↓
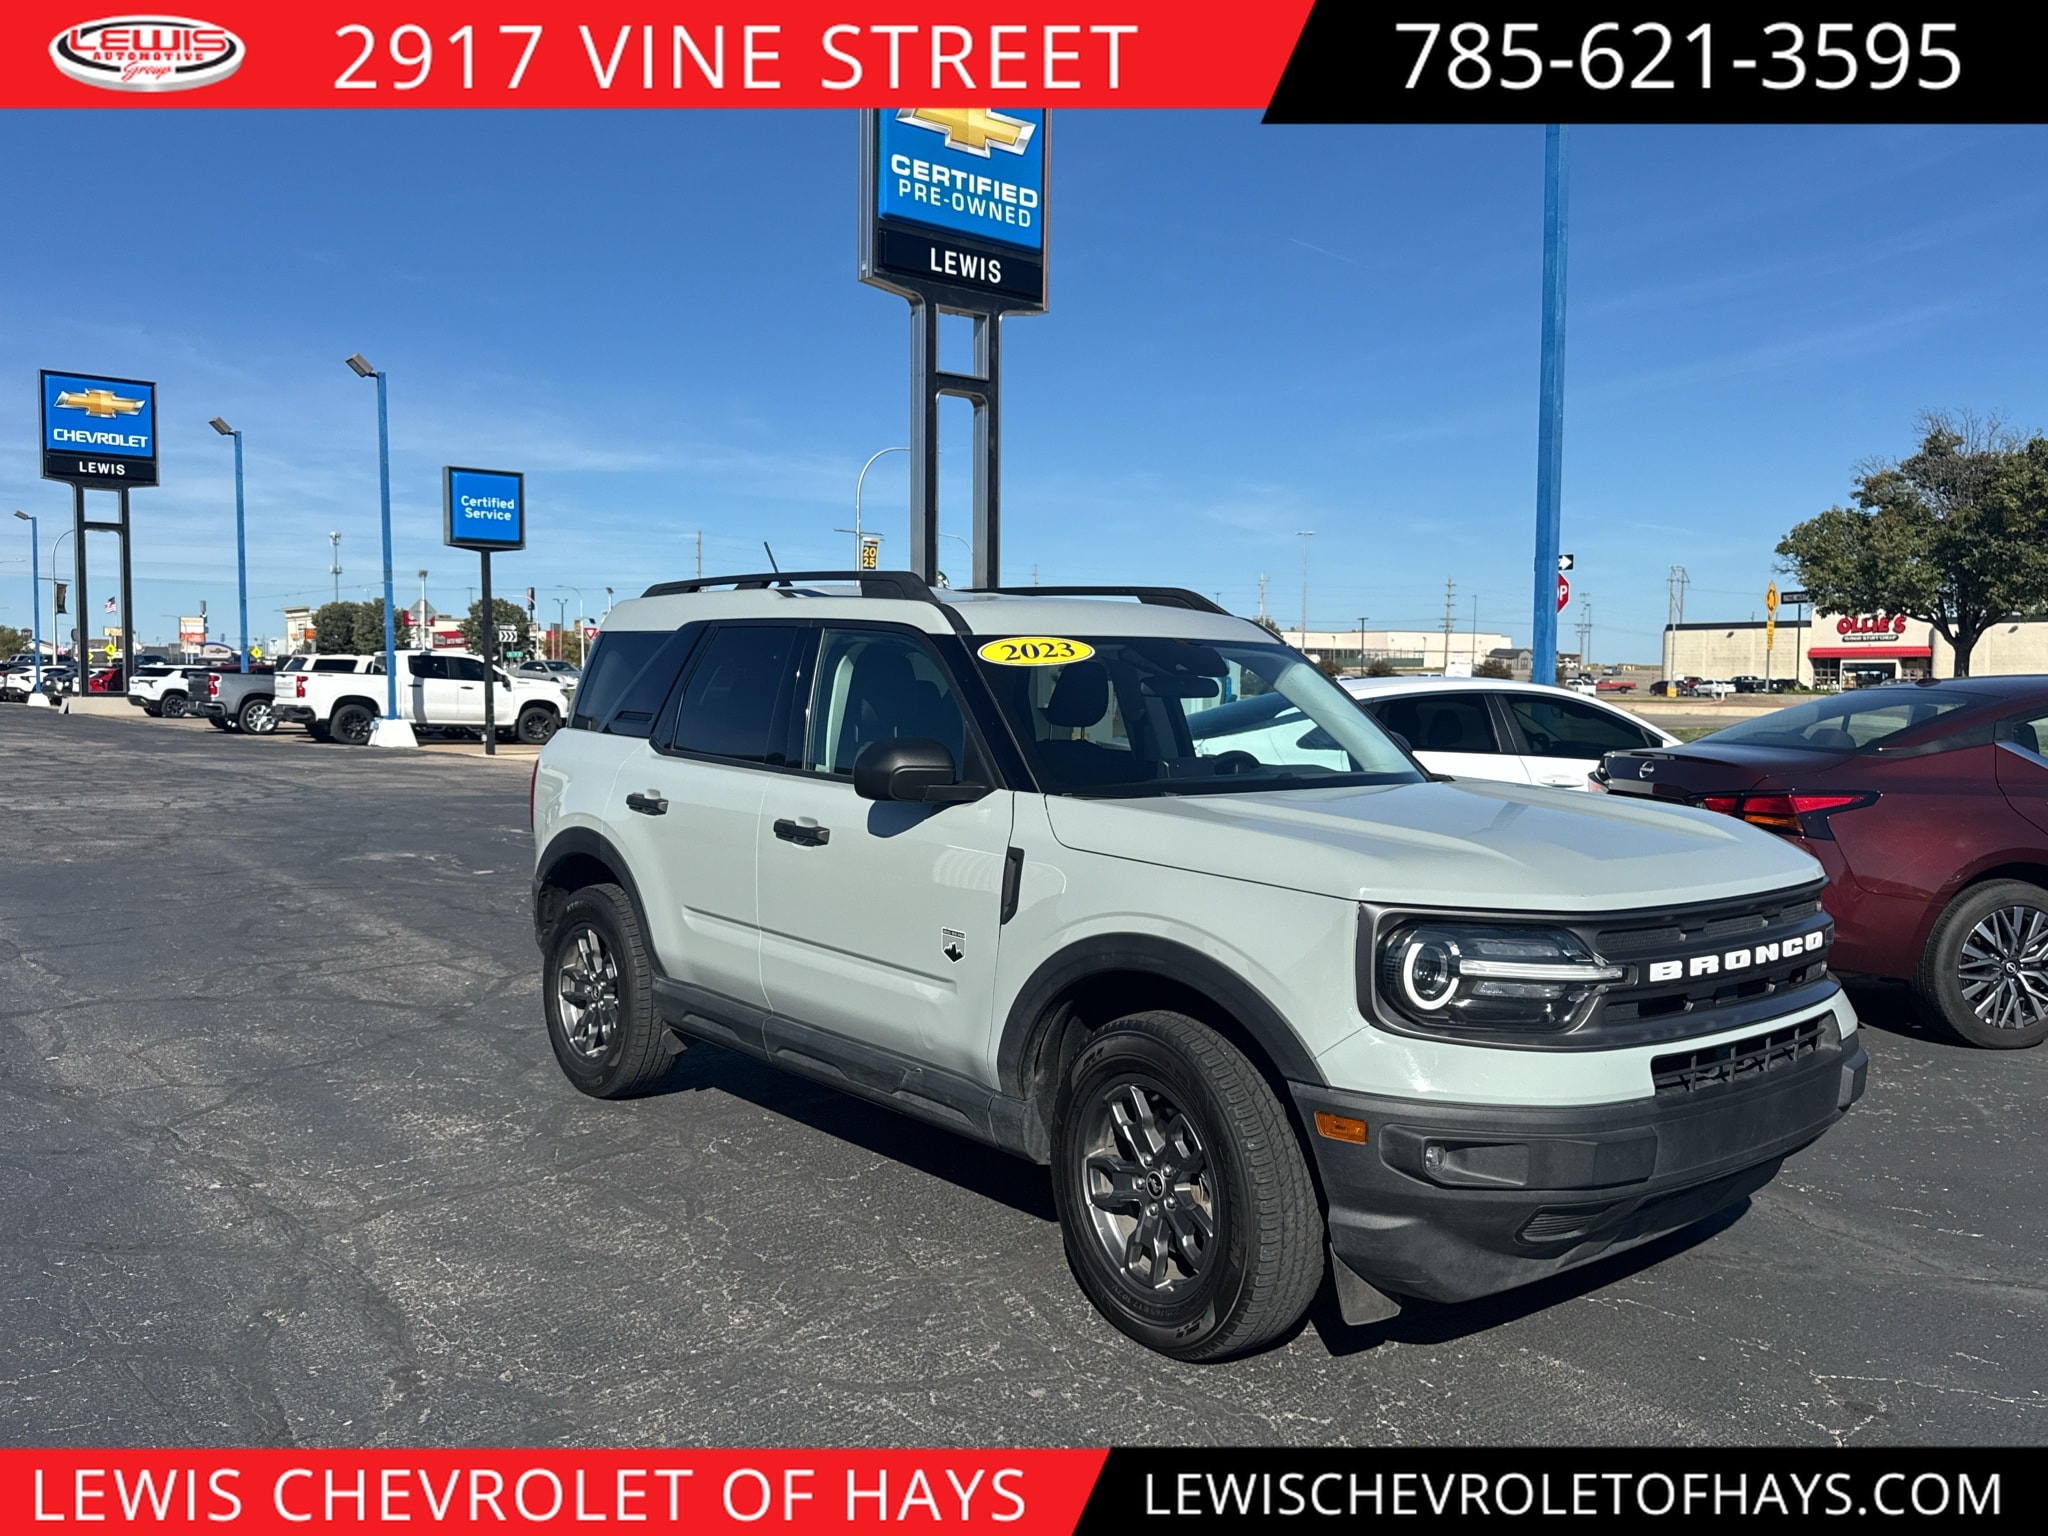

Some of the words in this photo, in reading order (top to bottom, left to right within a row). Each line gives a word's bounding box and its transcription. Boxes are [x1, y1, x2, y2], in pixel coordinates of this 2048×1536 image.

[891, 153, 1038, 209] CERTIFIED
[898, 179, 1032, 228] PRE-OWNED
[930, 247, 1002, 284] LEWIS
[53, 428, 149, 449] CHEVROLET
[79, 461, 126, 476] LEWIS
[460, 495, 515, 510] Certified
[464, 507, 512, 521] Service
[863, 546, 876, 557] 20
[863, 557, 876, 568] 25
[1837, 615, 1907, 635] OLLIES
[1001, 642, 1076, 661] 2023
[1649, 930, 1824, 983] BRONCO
↑
## Problem to solve
Restate the whole listing above exactly, except for its images.

## Answer space
Some of the words in this photo, in reading order (top to bottom, left to right within a row). Each line gives a word's bounding box and its transcription. Boxes are [x1, y1, x2, y2], in pixel coordinates of this 2048×1536 image.

[891, 153, 1038, 209] CERTIFIED
[898, 179, 1032, 228] PRE-OWNED
[930, 247, 1002, 284] LEWIS
[53, 428, 149, 449] CHEVROLET
[79, 461, 126, 476] LEWIS
[460, 495, 515, 510] Certified
[464, 507, 512, 521] Service
[863, 546, 876, 557] 20
[863, 557, 876, 568] 25
[1837, 615, 1907, 635] OLLIES
[1001, 642, 1076, 661] 2023
[1649, 930, 1824, 983] BRONCO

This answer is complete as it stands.